On May 5, 2018, NASA’s robotic Mars lander, InSight, which designed to study the interior of Mars, was launched from Vandenberg Air Force Base space launch complex 3-East. This was the first American interplanetary mission to launch from California. Andy Fortson, an adventure and lifestyle photographer based in Los Angeles, California has photographed the launch and the result is stunning.

Fortson published the amazing photo on his Twitter and Instagram accounts.

Fortson wrote: “This morning I got to watch my first rocket launch – the first rocket ever headed to another planet from the West Coast. I’ve been with #NASASocial for the last few days touring Vandenberg Air Force Base while they prepared to launch the Insight Lander to Mars. Not only did I get to stand in the launchpad just 100 yards from the rocket, we also toured the Missions Director’s Center, the Western Range Operations Control Center, and met NASA’s chief scientist and engineers. I can’t thank @NASA enough for inviting me to help tell this story.”

Mars InSight Lander

Manufactured by Lockheed Martin Space Systems, InSight (short for Interior Exploration using Seismic Investigations, Geodesy and Heat Transport) is a robotic Mars lander designed to study the interior of Mars. The mission launched on May 5, 2018, at 11:05 UTC and is expected to land on the surface of Mars (landing site: Elysium Planitia, a broad plain that straddles the equator of Mars) on November 26, 2018, where it will deploy a seismometer and burrow a heat probe. It will also perform a radio science experiment to study the internal structure of Mars.

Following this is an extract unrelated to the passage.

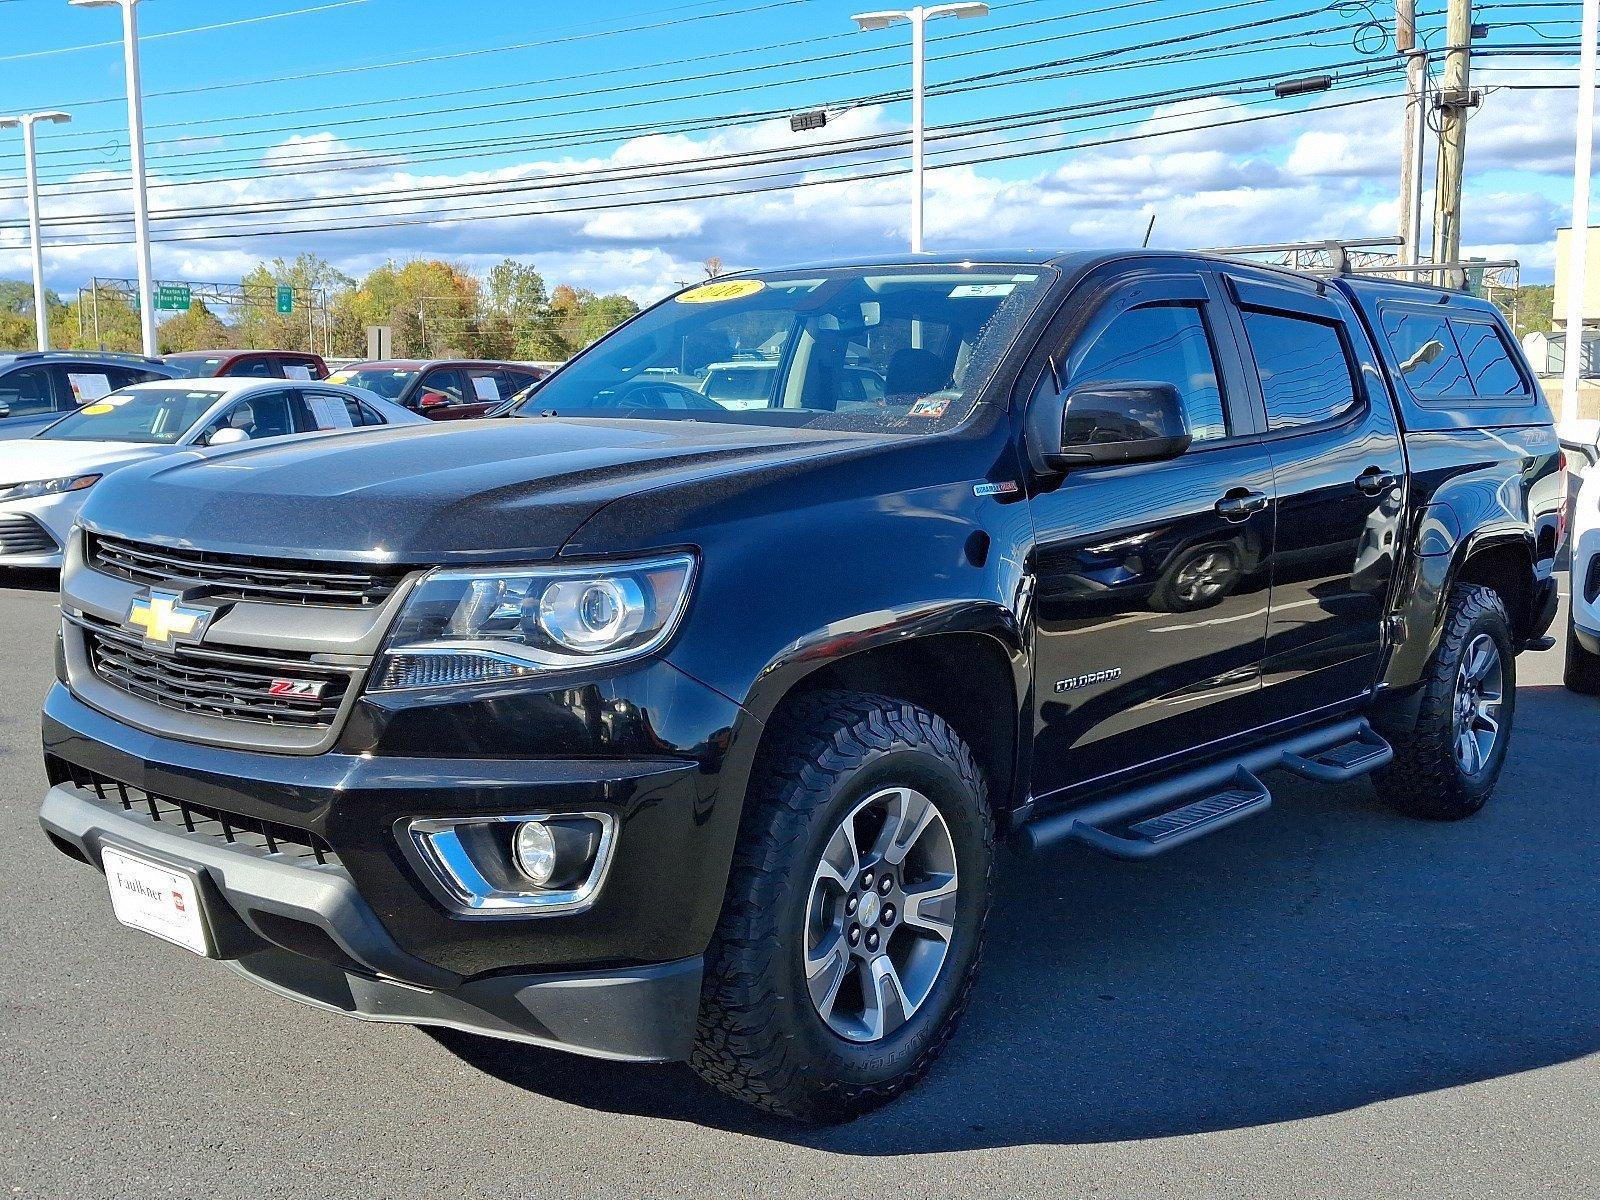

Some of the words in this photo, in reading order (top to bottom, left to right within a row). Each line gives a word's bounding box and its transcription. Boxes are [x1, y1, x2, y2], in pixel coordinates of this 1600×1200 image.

[268, 679, 327, 699] Z71
[1055, 667, 1122, 693] COLORADO
[117, 872, 162, 902] Faulkner

The planned duration of the mission is a little over 1 Mars year (~2 Earth years); 708 Sols (Mars days), or 728 Earth days.

It is the first outer space robotic explorer to study in-depth the “inner space” of Mars: its crust, mantle, and core. Studying Mars’ interior structure answers key questions about the early formation of rocky planets in our inner solar system – Mercury, Venus, Earth, and Mars – more than 4 billion years ago, as well as rocky exoplanets. InSight also measures tectonic activity and meteorite impacts on Mars today.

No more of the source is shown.